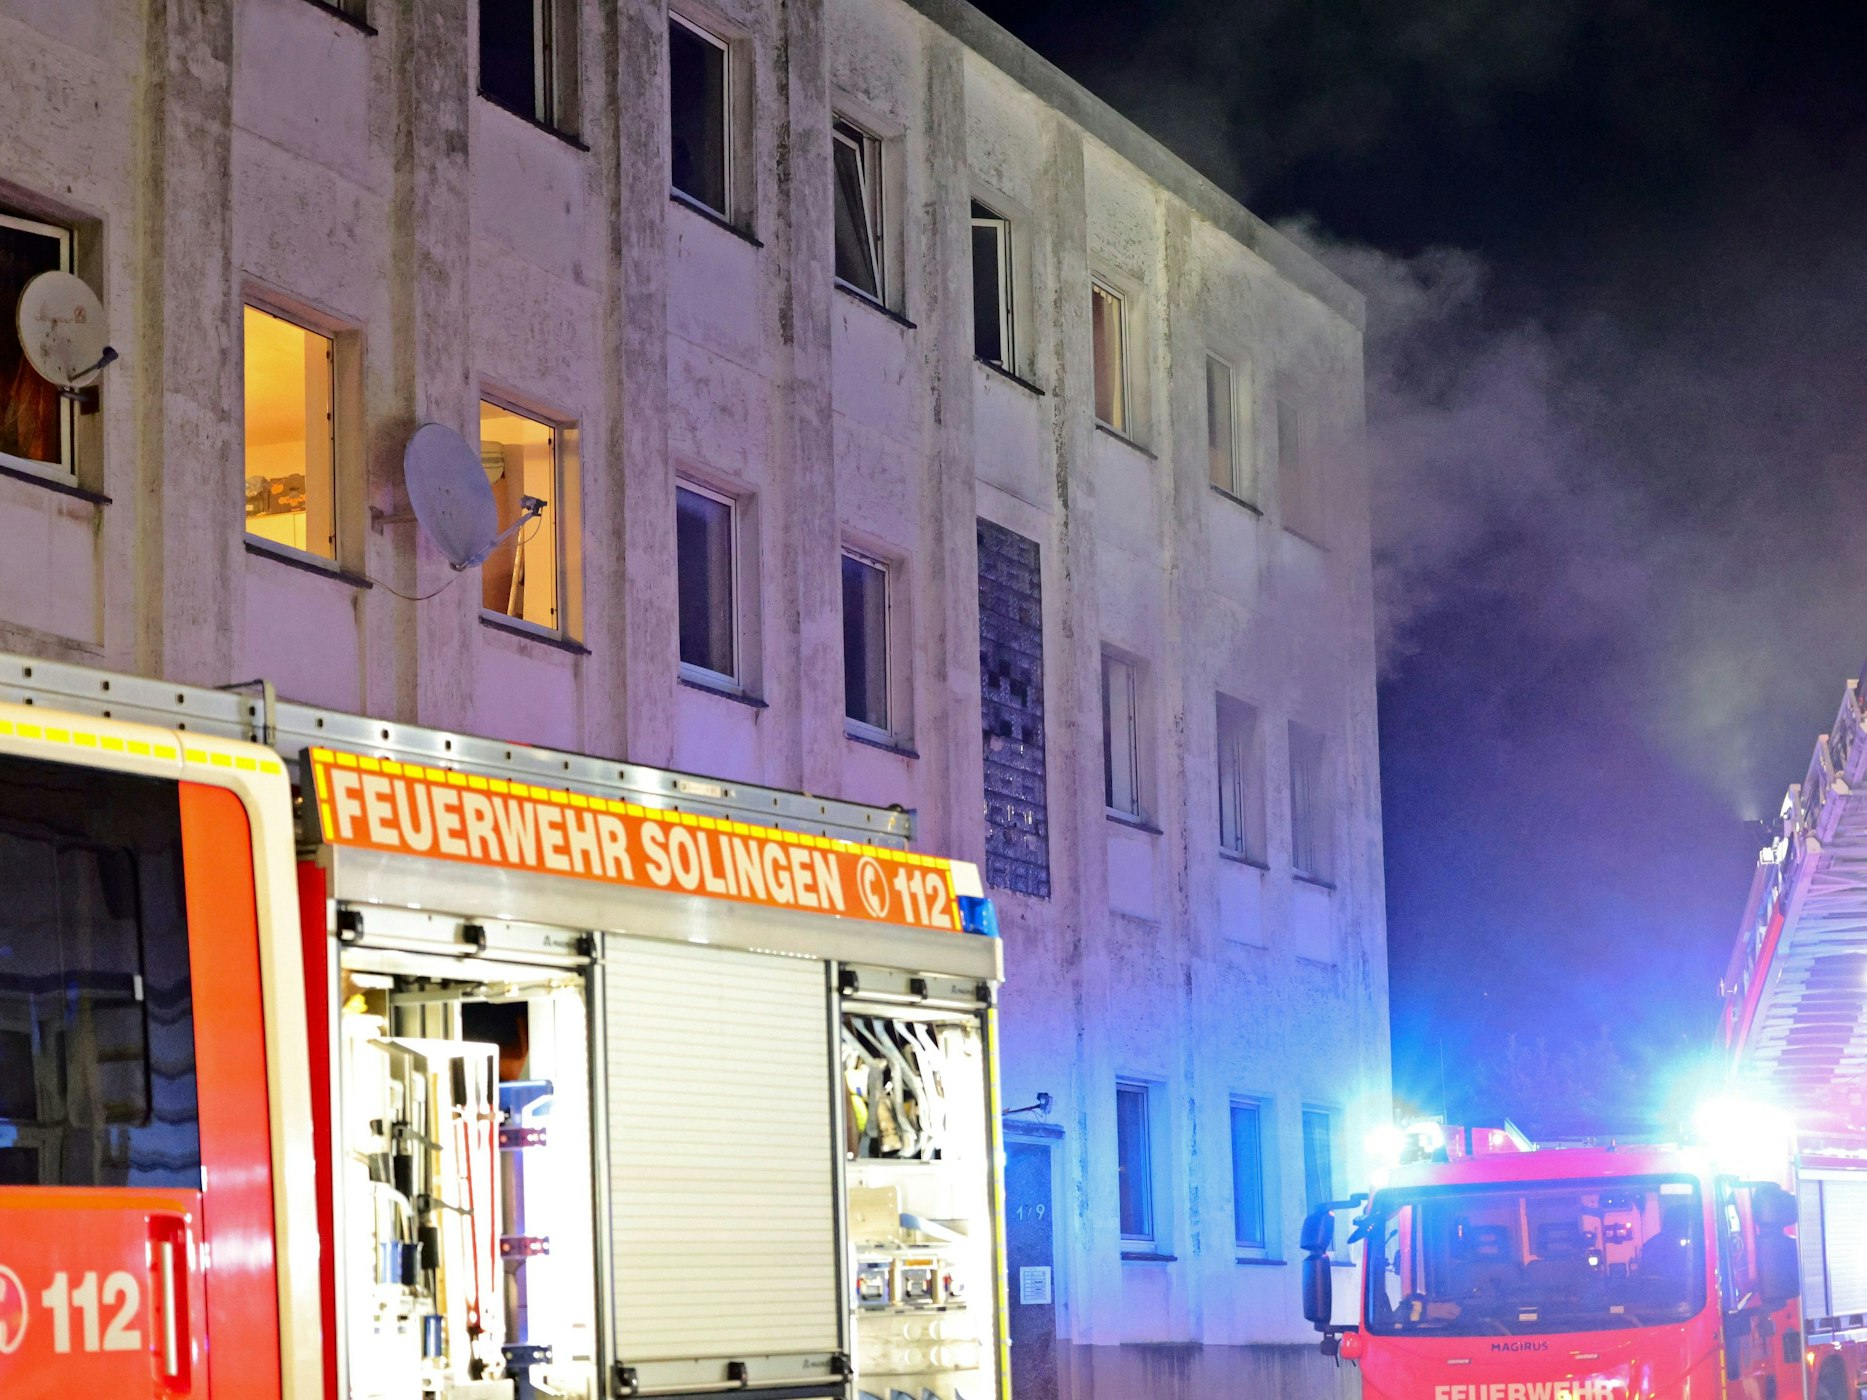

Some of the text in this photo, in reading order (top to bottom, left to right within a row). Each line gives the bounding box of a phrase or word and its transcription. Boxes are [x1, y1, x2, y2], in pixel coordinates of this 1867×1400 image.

[330, 768, 953, 929] FEUERWEHR SOLINGEN 112
[41, 1270, 143, 1354] 112
[1491, 1341, 1549, 1352] MAGIRUS
[1434, 1379, 1615, 1400] FEUERWEHR

- _Instructions to follow_: Exclude the pictures and print the rest of the data exactly.

- _The answer_:
Some of the text in this photo, in reading order (top to bottom, left to right within a row). Each line gives the bounding box of a phrase or word and its transcription. Boxes are [x1, y1, x2, y2], in pixel coordinates of this 1867×1400 image.

[330, 768, 953, 929] FEUERWEHR SOLINGEN 112
[41, 1270, 143, 1354] 112
[1491, 1341, 1549, 1352] MAGIRUS
[1434, 1379, 1615, 1400] FEUERWEHR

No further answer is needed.